Now the criteria is : $\color{violet}{\text{a) The people holding tickets 19 and 47 both win prizes.}}$
The possibility of $19$ and $47$ (ticket number) both get prizes = $4\times3 \hspace{0.1cm}ways$ $\qquad \big[\text{∵ As there are 4 prizes}\big]$
Remaining Prizes = $(4-2) = 2$
These $2$ prizes can be divided among the $(100-2)=98$ people in $\{98\times 97\hspace{0.1cm} ways\}$
So,$\color{green}{\text{ Total number of ways in which the people holding tickets}}$ $\color{red}{19}$ and $\color{red}{47}$ $\color{green}{\text{both win prizes}}$ $\color{blue}{=4\times 3 \times 98 \times 97 = 114072\hspace{0.1cm} ways}$
Now, the second criteria is$\color{violet}{\text{ b) The people holding ticket number 19, 47, 73 all win prizes}}$?
∴ The ticket number $19, 73, 47$ all win prizes in $\{4\times 3 \times 2\hspace{0.2cm} ways\}$
And the remaining $\{(4-3)=1\}$ tickets can be distributed in remaining $\{(100-3) =97 \}$ people in $97$ ways.
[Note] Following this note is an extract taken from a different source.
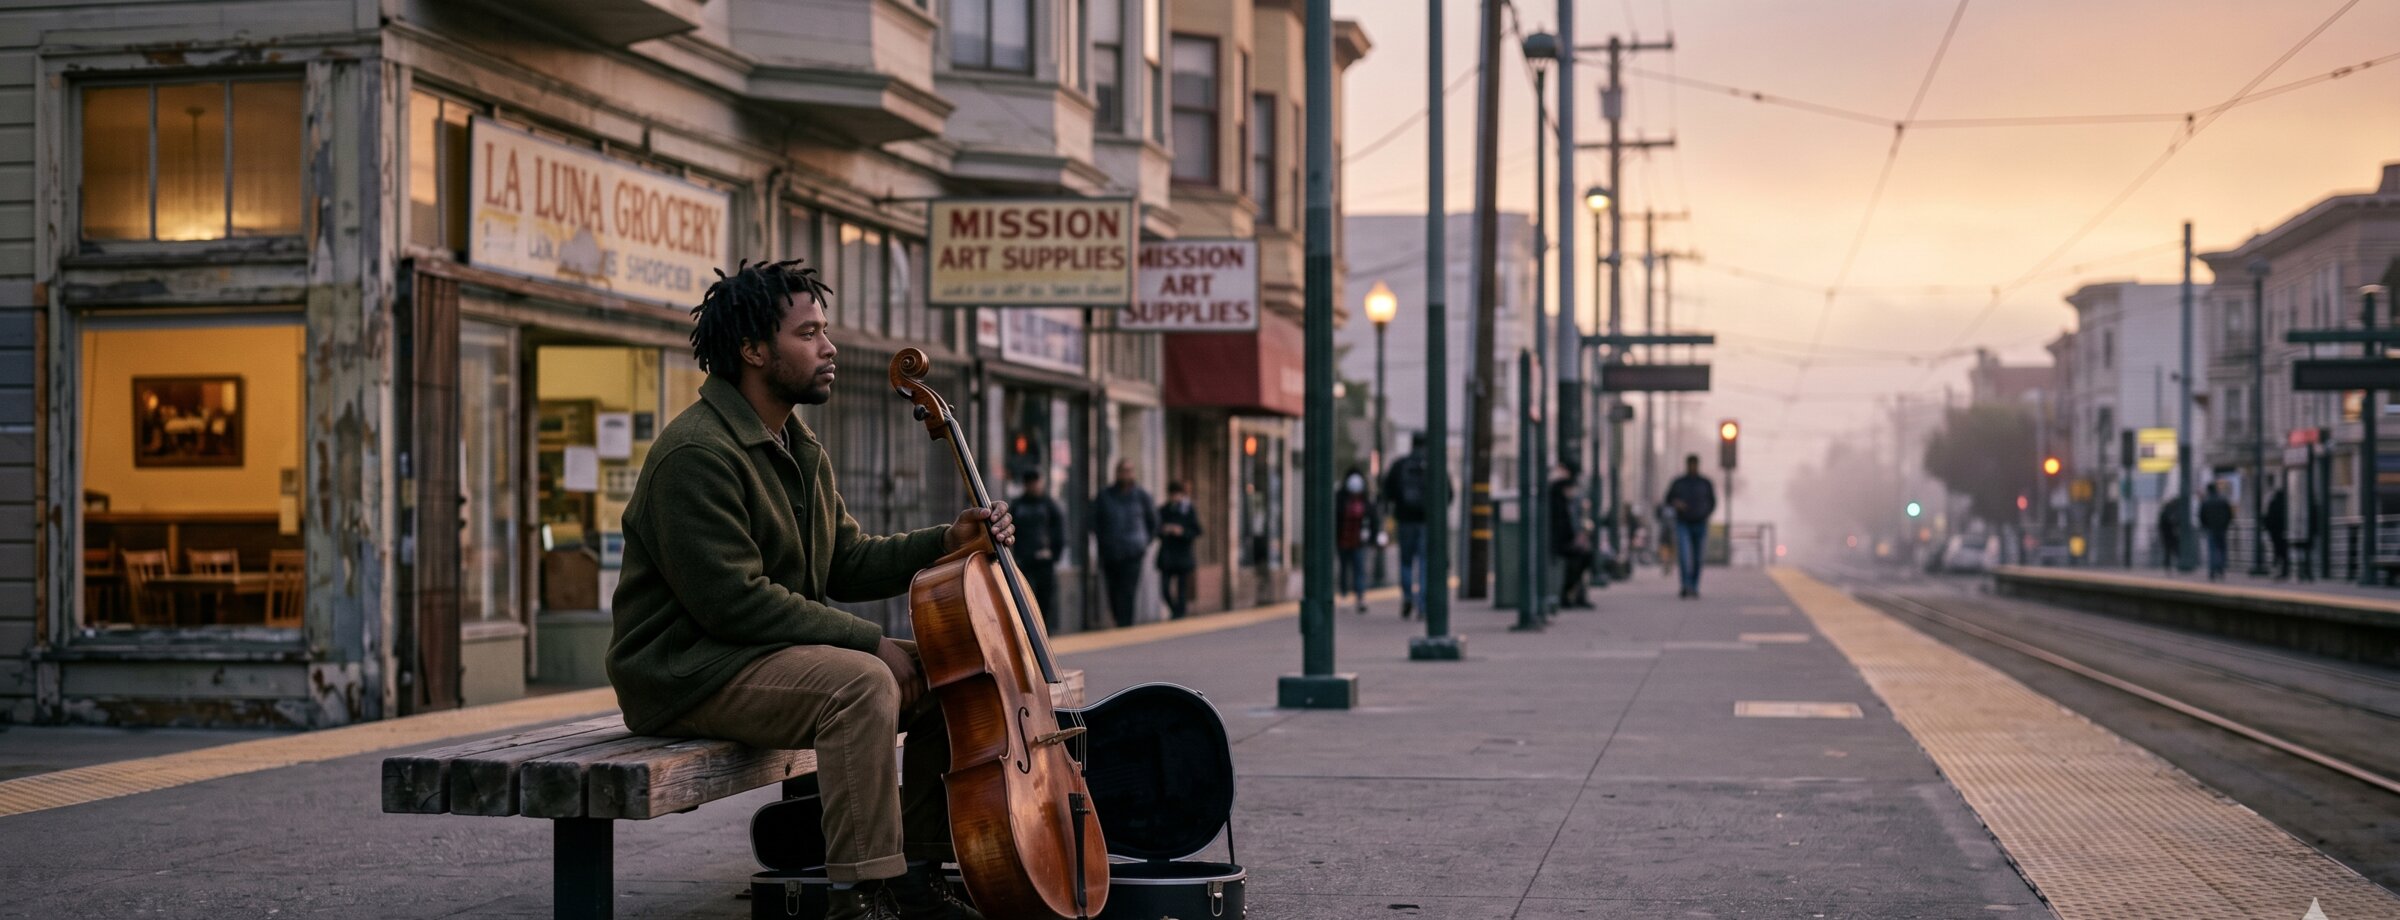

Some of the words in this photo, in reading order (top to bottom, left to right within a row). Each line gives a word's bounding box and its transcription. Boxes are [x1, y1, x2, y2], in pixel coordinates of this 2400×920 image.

So, $\color{green}{\text{The total number of ways in which the people holding tickets}}$ $\color{gold}{\text{19,47,}}$ $\color{green}{and}$ $\color{gold}{73}$ $\color{green}{\text{all win prizes is }}$ $=\color{maroon}{4 \times 3 \times 2\times 97 = 2328 \hspace{0.1cm}ways}$